At a time when having children out of wedlock was a social taboo, it was nearly impossible for Black GIs and German women to marry. A soldier had to get permission from his commanding officer, and if the request came from a Black soldier to marry his pregnant German girlfriend, the answer was no, followed by a transfer.
“Commanders and sergeants in charge could stop those relationships overnight just by shipping the soldiers out or sending them to a different Command,” says Höhn.
Daniel Cardwell, who was born in Marburg, Germany, says his biological parents suffered a similar fate after they tried to get married. “My father was being transferred from place to place,” says Cardwell, author of A Question of Color: A Brown Baby’s Search for Identity in a Black and White World. Unbeknownst to Cardwell’s mother, his father had been shipped to Korea where he died when Cardwell was four months old.
Cardwell was adopted at age three in 1953 by an African American couple in Washington, D.C., through the Brown Baby Plan, a private adoption agency founded by Mabel Grammer, a Black journalist with the Afro American newspaper. Grammer, who was married to a warrant officer stationed in Germany, learned of the orphanages filled with mixed-race children and took action. She published photos of the kids in the Afro American, asking established Black couples to adopt the children referred to as the “Brown Babies.” With international adoption laws ever evolving, Grammer pushed through the bureaucracy and arranged adoptions by proxy for African American couples who couldn’t travel to Germany.

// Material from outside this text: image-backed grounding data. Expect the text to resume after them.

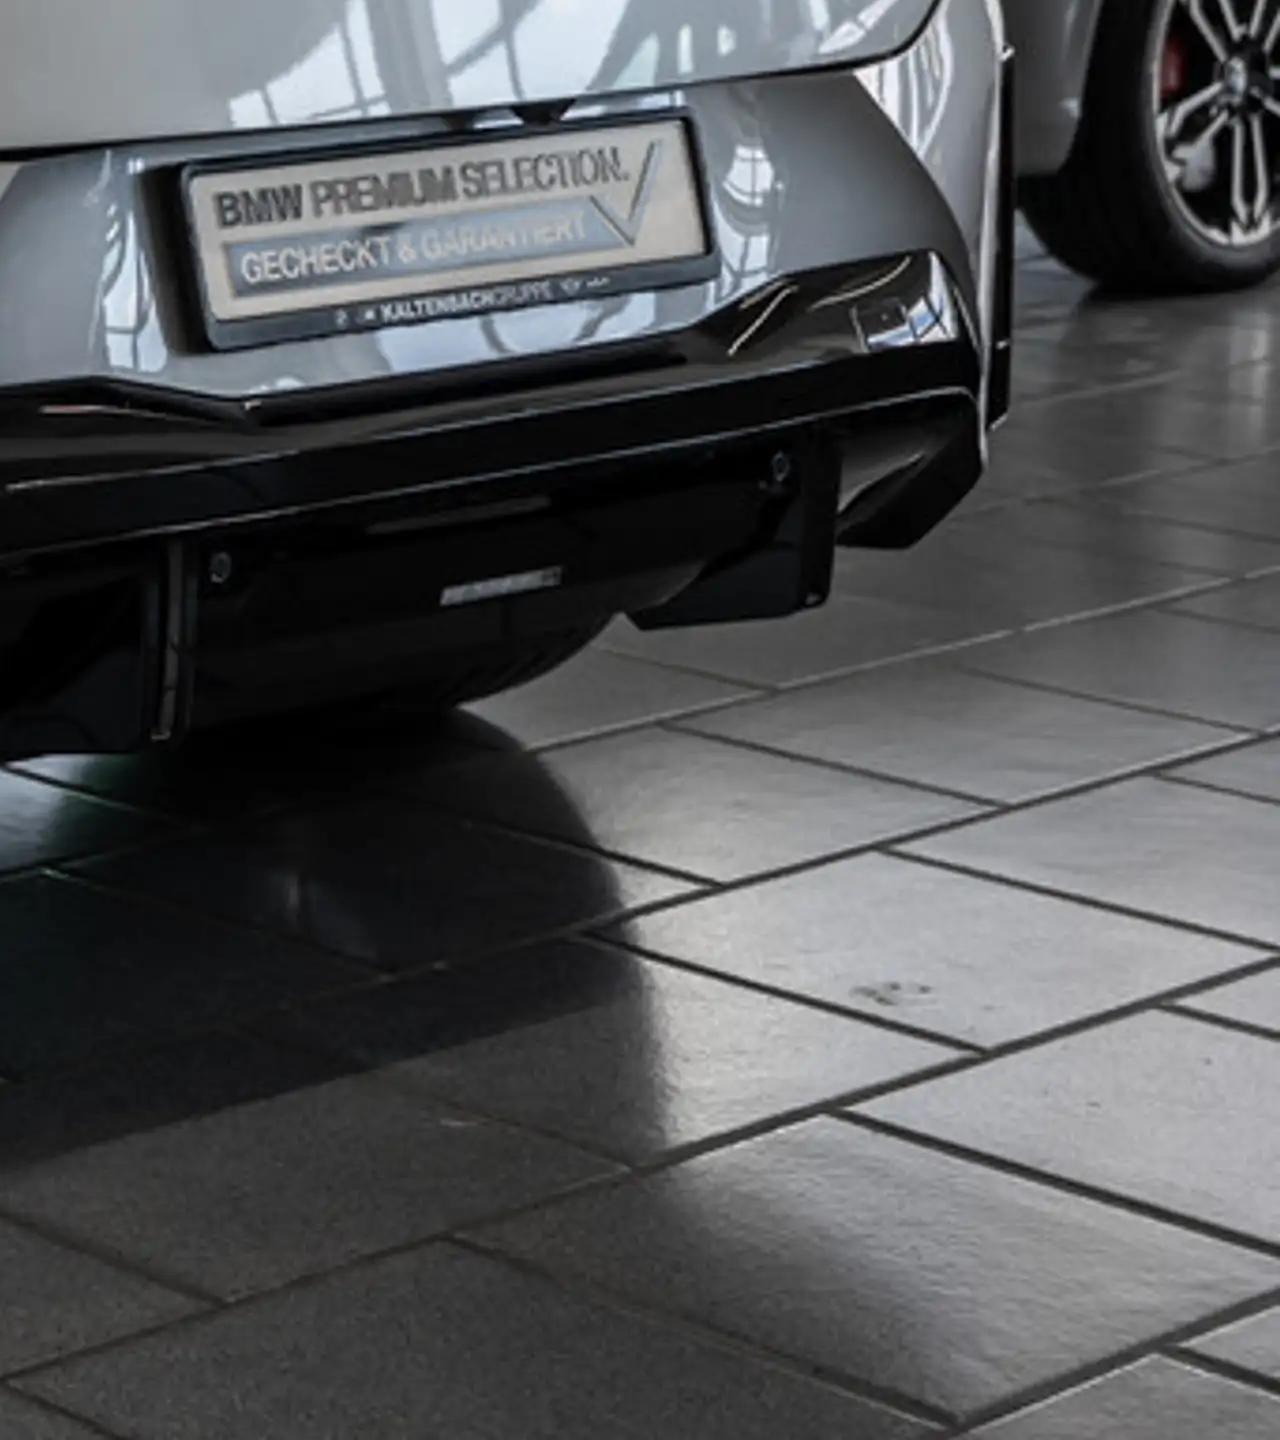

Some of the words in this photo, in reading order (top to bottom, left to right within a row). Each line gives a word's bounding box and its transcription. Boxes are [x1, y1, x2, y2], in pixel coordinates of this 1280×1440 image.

[213, 183, 303, 229] BMW
[308, 166, 459, 219] PREMIUM
[240, 235, 391, 285] GECHECKT
[397, 232, 418, 265] &
[420, 210, 588, 261] GARANTIERT

To the relief of German officials who felt mixed-race children couldn’t integrate successfully and would become a social problem, the adoptions were permitted, and Scandinavian Airlines agreed to fly the children to the United States. During her husband’s postings in Germany, from 1950-1954 and 1959-1965, Grammer arranged the adoption of at least 500 mixed-race children and adopted 12 of her own.

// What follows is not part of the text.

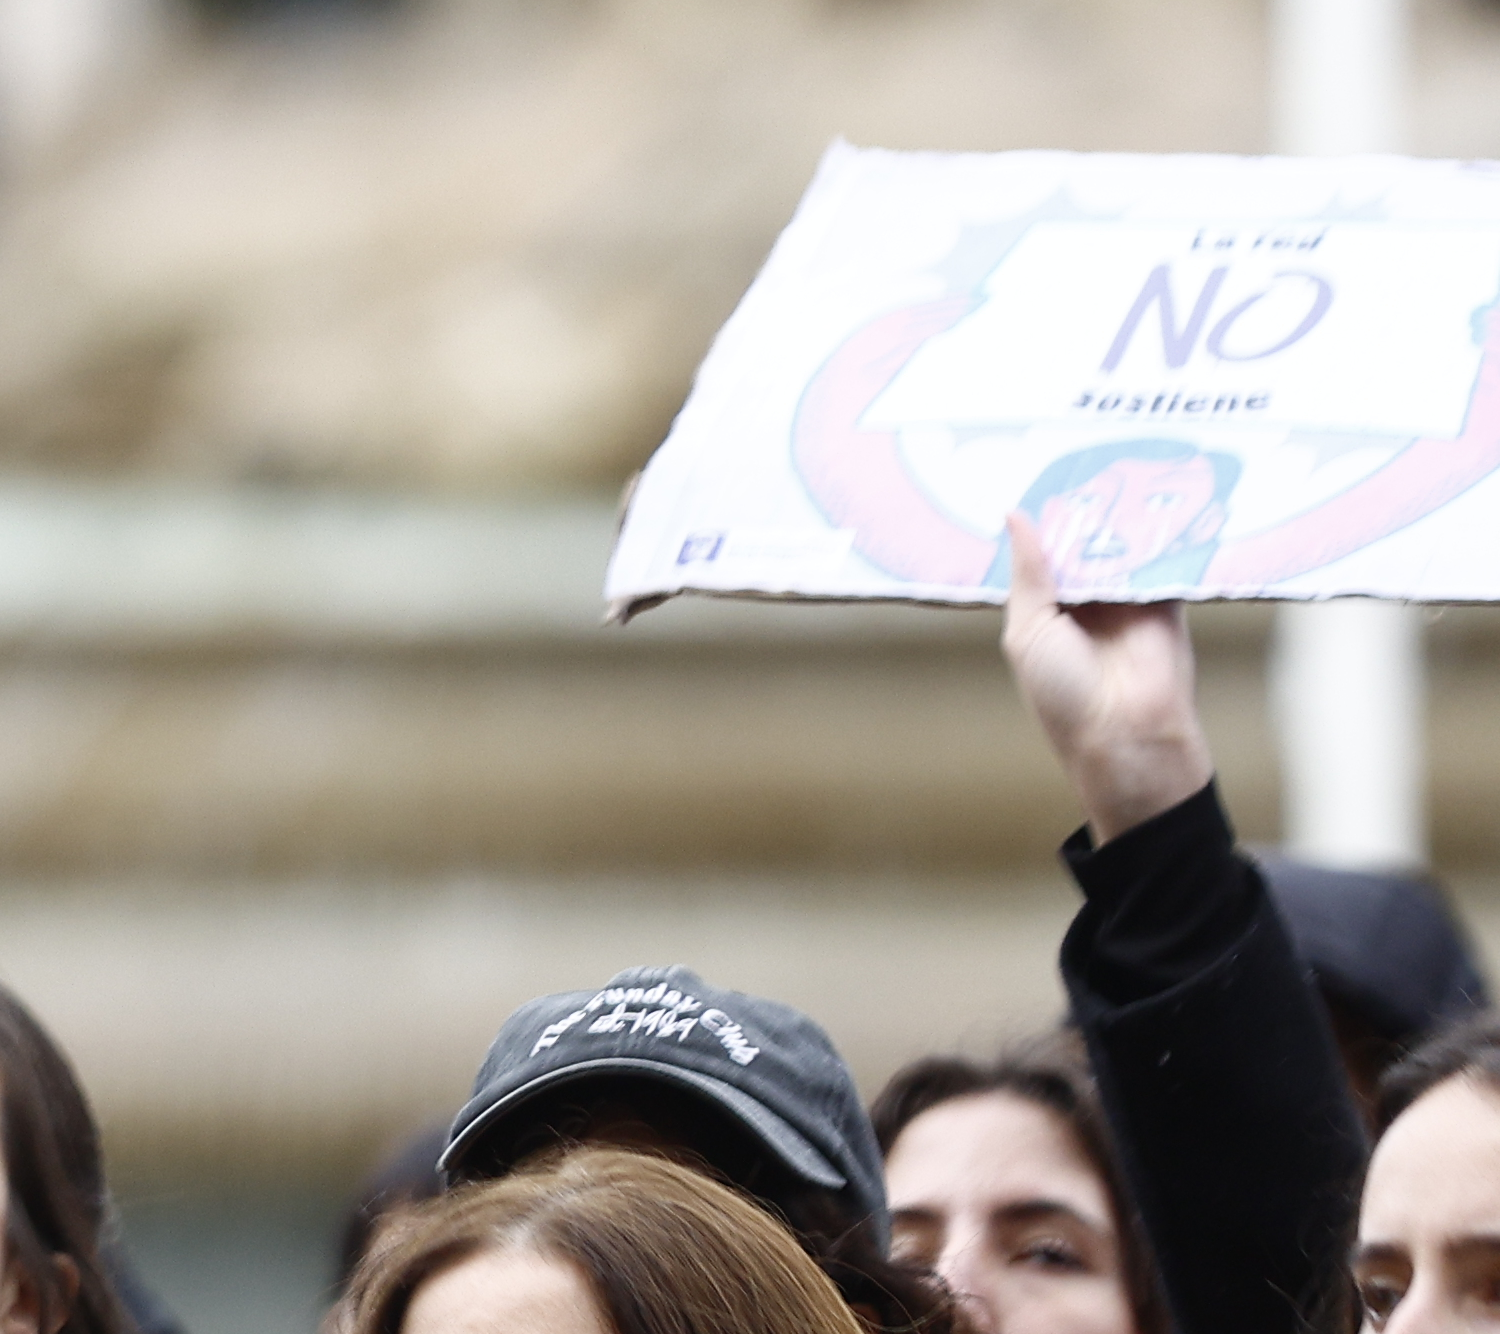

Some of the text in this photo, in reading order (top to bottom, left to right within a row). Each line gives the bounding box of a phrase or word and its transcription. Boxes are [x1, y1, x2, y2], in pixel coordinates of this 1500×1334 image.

Desperate German mothers also approached Black army couples stationed in Germany. Shirley Gindler Price, founder of the Black German Cultural Society, was adopted at age two in 1955, in Ansbach, Germany, where her biological mother met her adoptive parents. “There are quite a few of us that are not Grammer babies, but I think Grammer created that environment where a number of us were adopted,” says Gindler Price.